For each record below, set it down exactly but leave out any picture.
═════ EXERCISE MATERIALS
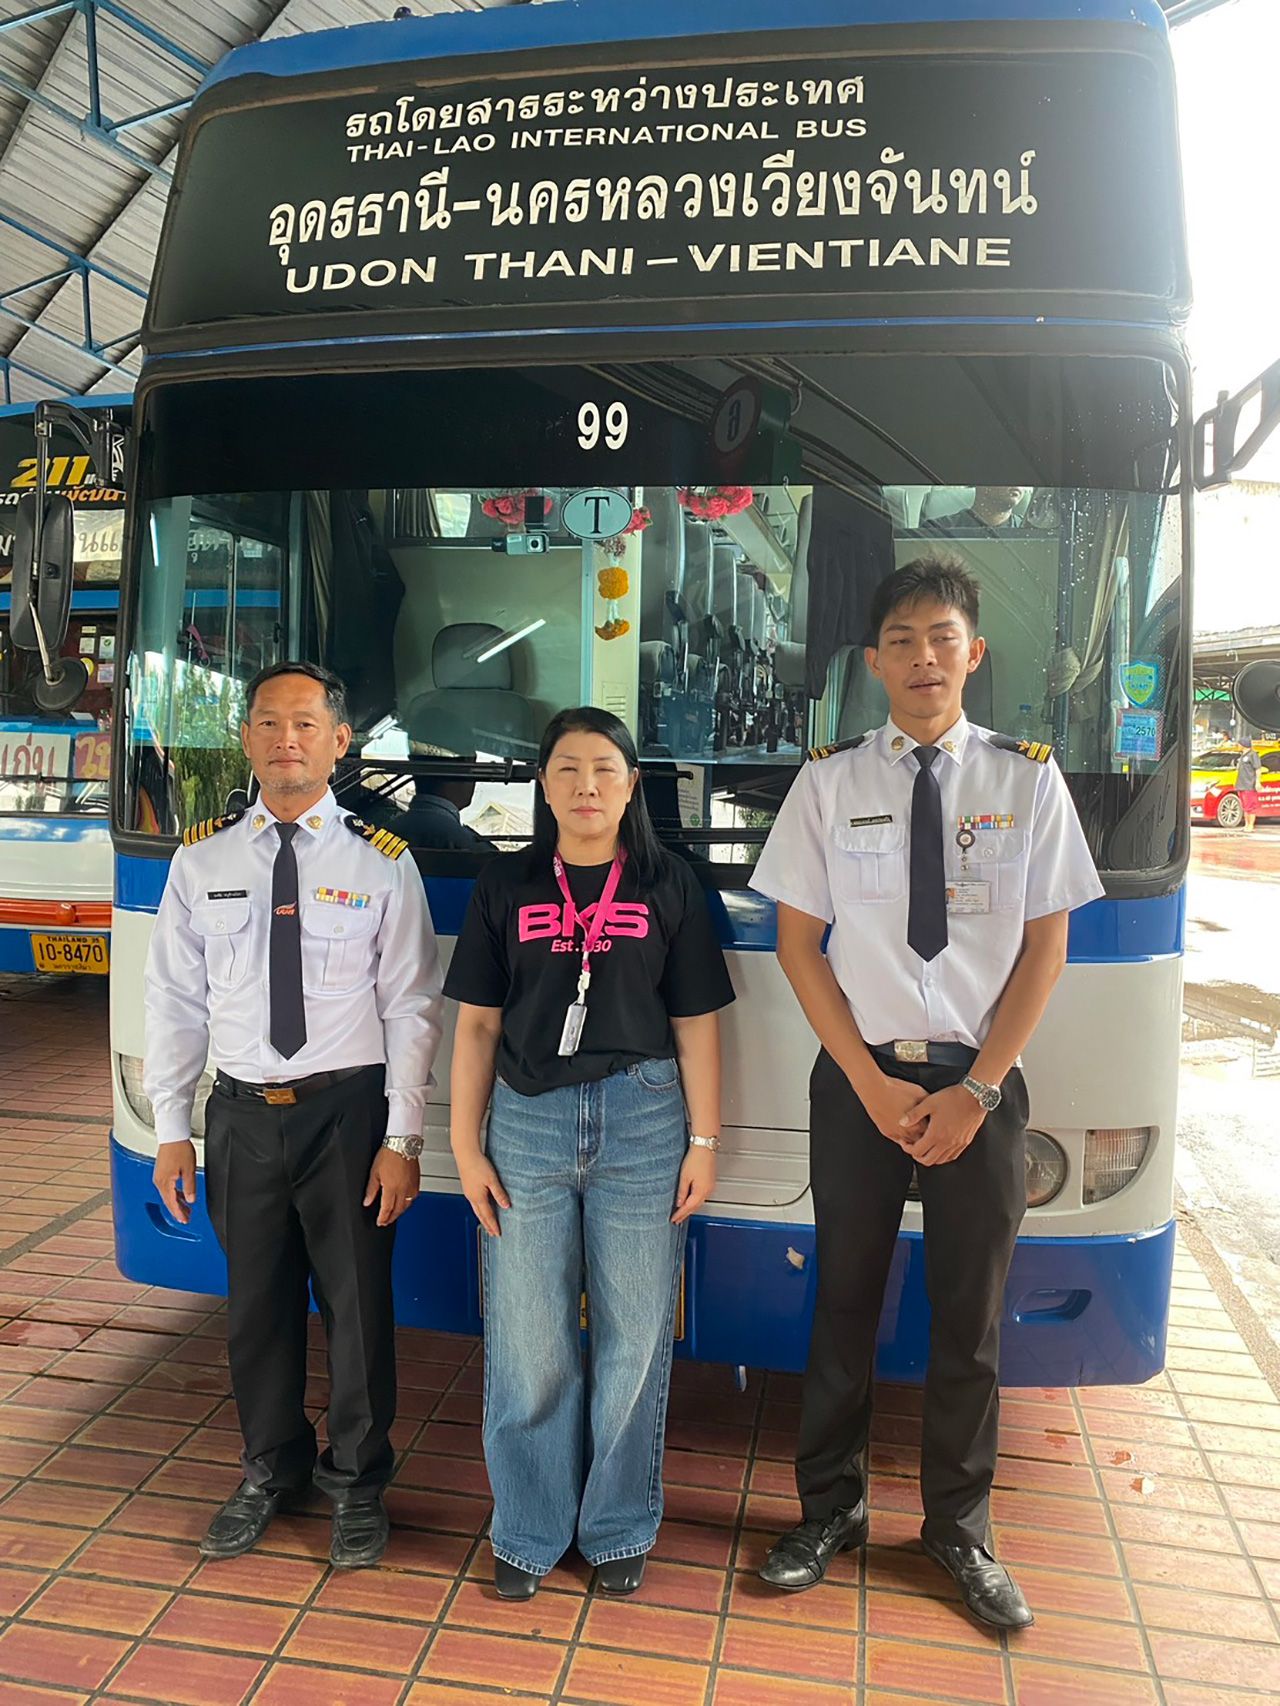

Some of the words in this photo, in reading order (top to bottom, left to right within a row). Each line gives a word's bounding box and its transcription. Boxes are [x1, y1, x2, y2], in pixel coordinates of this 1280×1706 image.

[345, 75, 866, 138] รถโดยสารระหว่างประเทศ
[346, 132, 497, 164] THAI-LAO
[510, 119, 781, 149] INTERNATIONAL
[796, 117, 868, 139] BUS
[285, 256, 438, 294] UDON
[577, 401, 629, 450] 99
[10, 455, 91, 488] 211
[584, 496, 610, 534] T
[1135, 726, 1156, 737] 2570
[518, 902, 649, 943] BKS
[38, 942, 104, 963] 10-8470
══════════
▶ [TASK ANSWER]
Some of the words in this photo, in reading order (top to bottom, left to right within a row). Each line gives a word's bounding box and its transcription. Boxes are [x1, y1, x2, y2], in pixel coordinates of this 1280×1706 image.

[345, 75, 866, 138] รถโดยสารระหว่างประเทศ
[346, 132, 497, 164] THAI-LAO
[510, 119, 781, 149] INTERNATIONAL
[796, 117, 868, 139] BUS
[285, 256, 438, 294] UDON
[577, 401, 629, 450] 99
[10, 455, 91, 488] 211
[584, 496, 610, 534] T
[1135, 726, 1156, 737] 2570
[518, 902, 649, 943] BKS
[38, 942, 104, 963] 10-8470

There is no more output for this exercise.